=== Section Start ===

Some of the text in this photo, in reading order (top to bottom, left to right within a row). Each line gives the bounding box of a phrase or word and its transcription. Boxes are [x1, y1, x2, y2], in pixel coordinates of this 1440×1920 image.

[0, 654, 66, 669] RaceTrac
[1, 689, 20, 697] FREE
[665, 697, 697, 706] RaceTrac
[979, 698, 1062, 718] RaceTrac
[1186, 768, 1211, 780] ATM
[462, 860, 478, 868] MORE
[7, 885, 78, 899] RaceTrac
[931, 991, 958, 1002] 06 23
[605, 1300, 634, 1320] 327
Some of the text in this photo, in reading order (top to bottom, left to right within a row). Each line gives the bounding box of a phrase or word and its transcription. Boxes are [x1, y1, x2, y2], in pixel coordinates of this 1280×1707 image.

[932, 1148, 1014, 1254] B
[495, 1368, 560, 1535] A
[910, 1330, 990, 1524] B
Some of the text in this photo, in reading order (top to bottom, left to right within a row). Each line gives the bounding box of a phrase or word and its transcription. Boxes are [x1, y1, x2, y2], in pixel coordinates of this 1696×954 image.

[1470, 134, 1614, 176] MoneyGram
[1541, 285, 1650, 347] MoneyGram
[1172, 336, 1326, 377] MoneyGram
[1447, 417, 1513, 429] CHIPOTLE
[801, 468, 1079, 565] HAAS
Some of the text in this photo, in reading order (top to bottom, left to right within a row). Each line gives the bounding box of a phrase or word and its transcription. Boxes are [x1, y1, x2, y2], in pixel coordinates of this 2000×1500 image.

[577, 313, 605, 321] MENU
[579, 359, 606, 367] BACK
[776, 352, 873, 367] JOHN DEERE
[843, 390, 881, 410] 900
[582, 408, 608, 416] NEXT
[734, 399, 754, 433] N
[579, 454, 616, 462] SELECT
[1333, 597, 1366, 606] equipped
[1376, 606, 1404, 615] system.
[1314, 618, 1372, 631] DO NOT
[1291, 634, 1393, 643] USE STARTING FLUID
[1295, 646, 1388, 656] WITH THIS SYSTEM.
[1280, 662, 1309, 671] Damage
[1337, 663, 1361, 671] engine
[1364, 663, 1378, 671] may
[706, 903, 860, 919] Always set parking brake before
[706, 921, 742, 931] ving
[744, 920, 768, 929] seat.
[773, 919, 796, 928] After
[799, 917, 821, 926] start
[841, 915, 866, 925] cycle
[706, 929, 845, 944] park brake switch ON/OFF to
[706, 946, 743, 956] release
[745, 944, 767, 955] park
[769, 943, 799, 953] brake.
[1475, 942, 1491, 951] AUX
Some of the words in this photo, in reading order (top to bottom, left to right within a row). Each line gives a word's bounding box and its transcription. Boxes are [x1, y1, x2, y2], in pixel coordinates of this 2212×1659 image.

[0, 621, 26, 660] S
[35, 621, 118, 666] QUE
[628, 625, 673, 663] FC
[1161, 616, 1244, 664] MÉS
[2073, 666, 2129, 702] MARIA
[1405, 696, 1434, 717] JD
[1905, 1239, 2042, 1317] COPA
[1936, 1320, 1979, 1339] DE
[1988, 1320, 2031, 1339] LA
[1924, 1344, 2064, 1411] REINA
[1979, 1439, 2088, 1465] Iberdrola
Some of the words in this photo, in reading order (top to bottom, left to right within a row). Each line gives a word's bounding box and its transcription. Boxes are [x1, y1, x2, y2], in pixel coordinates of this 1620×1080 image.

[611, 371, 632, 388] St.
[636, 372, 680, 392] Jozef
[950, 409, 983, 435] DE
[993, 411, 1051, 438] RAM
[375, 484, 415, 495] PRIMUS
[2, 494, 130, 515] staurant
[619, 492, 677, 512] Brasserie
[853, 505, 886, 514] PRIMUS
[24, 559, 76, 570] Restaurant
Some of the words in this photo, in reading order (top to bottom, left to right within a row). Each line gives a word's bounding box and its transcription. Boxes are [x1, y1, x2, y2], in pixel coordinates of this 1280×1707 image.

=== Section End ===

PROBLEM DESCRIPTION: Start at the line with "this 1620×1080 image." and stop at the end of the records. Write those lines out exactly and add nothing.

RESPONSE:
Some of the words in this photo, in reading order (top to bottom, left to right within a row). Each line gives a word's bounding box and its transcription. Boxes are [x1, y1, x2, y2], in pixel coordinates of this 1620×1080 image.

[611, 371, 632, 388] St.
[636, 372, 680, 392] Jozef
[950, 409, 983, 435] DE
[993, 411, 1051, 438] RAM
[375, 484, 415, 495] PRIMUS
[2, 494, 130, 515] staurant
[619, 492, 677, 512] Brasserie
[853, 505, 886, 514] PRIMUS
[24, 559, 76, 570] Restaurant
Some of the words in this photo, in reading order (top to bottom, left to right within a row). Each line gives a word's bounding box and its transcription. Boxes are [x1, y1, x2, y2], in pixel coordinates of this 1280×1707 image.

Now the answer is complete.